[[ MATERIAL PROVIDED open ]]

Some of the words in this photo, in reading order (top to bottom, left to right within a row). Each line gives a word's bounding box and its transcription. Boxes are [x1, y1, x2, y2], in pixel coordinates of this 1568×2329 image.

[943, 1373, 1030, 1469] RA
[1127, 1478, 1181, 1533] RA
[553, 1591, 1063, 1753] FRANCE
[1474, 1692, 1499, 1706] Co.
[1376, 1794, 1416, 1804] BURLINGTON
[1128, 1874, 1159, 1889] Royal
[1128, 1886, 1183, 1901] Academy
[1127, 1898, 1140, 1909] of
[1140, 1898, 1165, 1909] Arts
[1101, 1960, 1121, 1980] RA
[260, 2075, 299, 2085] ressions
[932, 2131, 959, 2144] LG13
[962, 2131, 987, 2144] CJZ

[[ MATERIAL PROVIDED closed ]]

**EXERCISE OBJECTIVE**
Retype all the records, matching them exactly.

**EXERCISE RESULT**
Some of the words in this photo, in reading order (top to bottom, left to right within a row). Each line gives a word's bounding box and its transcription. Boxes are [x1, y1, x2, y2], in pixel coordinates of this 1568×2329 image.

[943, 1373, 1030, 1469] RA
[1127, 1478, 1181, 1533] RA
[553, 1591, 1063, 1753] FRANCE
[1474, 1692, 1499, 1706] Co.
[1376, 1794, 1416, 1804] BURLINGTON
[1128, 1874, 1159, 1889] Royal
[1128, 1886, 1183, 1901] Academy
[1127, 1898, 1140, 1909] of
[1140, 1898, 1165, 1909] Arts
[1101, 1960, 1121, 1980] RA
[260, 2075, 299, 2085] ressions
[932, 2131, 959, 2144] LG13
[962, 2131, 987, 2144] CJZ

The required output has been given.